Imagine my delight when I began looking into hunt club histories in Ontario and I find this photo (r), with persons identified, the year and location in a book written for the sesquicentennial for the Toronto Hunt Club.
According to William M Gray, author, A History of the Toronto Hunt Club written in 1993, we have George W Beardmore (MFH), in scarlet, escorting HRH Prince of Wales at a meet in Aurora, October 1924. (MFH- Master of Foxhounds). At last we may have some information to go on about the occasion and who is in the mural image. I did double check and Edward did visit the Toronto area in 1924 and if you are knowledgeable on hunt seasons, the northern hemisphere hunt season begins in October and runs through March/April, dependent on weather (especially in Canada) and Beardmore held property, Beverly Farm, in Aurora.
Brief History of the Toronto Hunt Club
The Toronto Hunt Club has an extensive and interesting history. In 1895 land was purchased in Scarborough Heights (current Kingston road location) and architectural firm Darling and Pearson (architects of Parkwood) were commissioned to design and build the "new" club.Under the name of “The Toronto Hunt and Country Club”. The Club was first incorporated under the Provincial Letters Patent in May 1894. In 1905, it was re-incorporated under Dominion Charter as “The Toronto Hunt Limited” and finally in October 1930, it was again incorporated under Provincial Letters Patent as “The Toronto Hunt” and still operates under this Charter. In 1893, George Beardmore was elected president and held that position, as well as Master of the Fox Hounds until 1930. Polo, skeet shooting and eventually tennis were added to the pursuits of the club, but hunting with the hounds was the most popular at the club. There seems to have been a peak in terms of the hunt at the turn of the century, with a decline occurring with the introduction of the automobile and then WWI, but the hunt popularity was revived in the 1920s among society elite.
|C. Churchill Mann & Billie Mann|
The Eglinton Hunt becomes home to the first Canadian branch of the Pony Club.
As Toronto expanded, Beardmore was forced to move the hounds to his property in Aurora, Beverly Farm, and as the depression worsened, Lady Eaton provided many of the financial and property resources, neighbour to Beverly Farm, Eaton Hall, to support the hunt, through the end of the 1930s.
From 1949 to 1952, Eleanor (Billie) Mann ( nee McLaughlin) is Master of the Hunt of the Eglinton Hunt.
Introducing George W Beardmore
Who is this George W Beardmore gent that was very influential in the club and is portrayed in the mural at Parkwood, and I know nothing of?
Beardmore came from a leather and shoe (tannery) empire, Beardmore & Co. Ltd., and is described by Gray as an "out-going, successful businessman, sportsman, and accomplished horseman".
His Toronto estate, Chudleigh, is now the Italian consulate, but stands in much of its grandeur, with the changes George W Beardmore saw it undergo through the nineteen teens and twenties.

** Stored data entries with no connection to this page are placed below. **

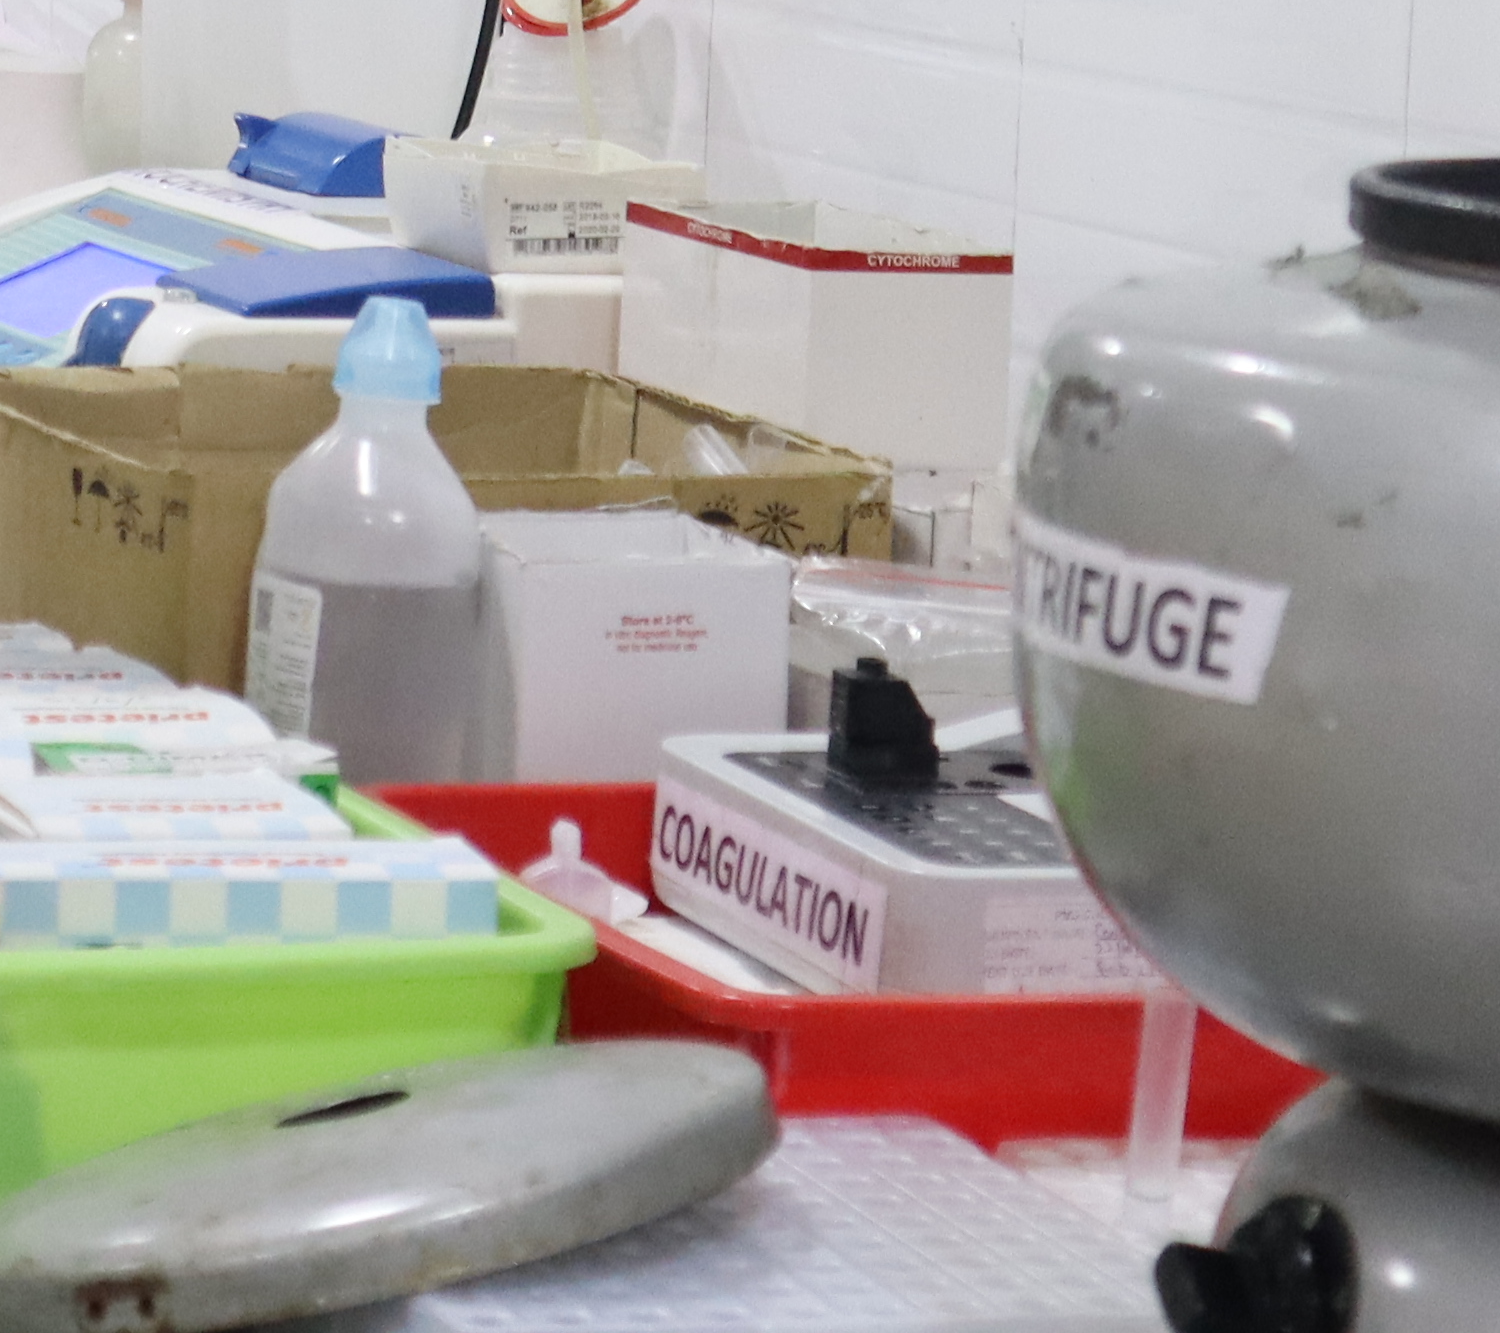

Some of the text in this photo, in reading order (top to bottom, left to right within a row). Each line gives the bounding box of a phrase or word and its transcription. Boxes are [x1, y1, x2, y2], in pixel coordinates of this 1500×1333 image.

[509, 226, 527, 235] Ref
[867, 255, 960, 268] CYTOCHROME
[1019, 543, 1243, 680] TRIFUGE
[621, 616, 649, 626] Store
[653, 617, 662, 625] at
[23, 711, 210, 724] prietest
[84, 802, 284, 813] prietest
[102, 857, 349, 867] prietest
[658, 804, 871, 969] COAGULATION

The relationship between Beardmore and McLaughlin is unknown and may be strictly through sport. Sam and Adelaide McLaughlin were members of the Toronto Hunt, as were their daughters. We know the successes of the McLaughlin family in terms of horses; jumpers, hunters and thoroughbreds and the legacy of Parkwood Stables.
Both the McLaughlin's and Beardmore's were in business with architects Darling and Pearson, but so were many of the "society set".
In terms of business accounts, Oshawa had its own renowned tannery, Robson Leather, and the McLaughlin Carriage Works, McLaughlin MotorCar Company and eventually General Motors seem to have done most of their tannery business dealings via this enterprise.
The exact relationship between McLaughlin and Beardmore may be forever elusive, however, we now know what & whom the "hunt" image in the mural depicts, and an image, I believe, would have had a great importance to the McLaughlin family as it was painted onto their wall.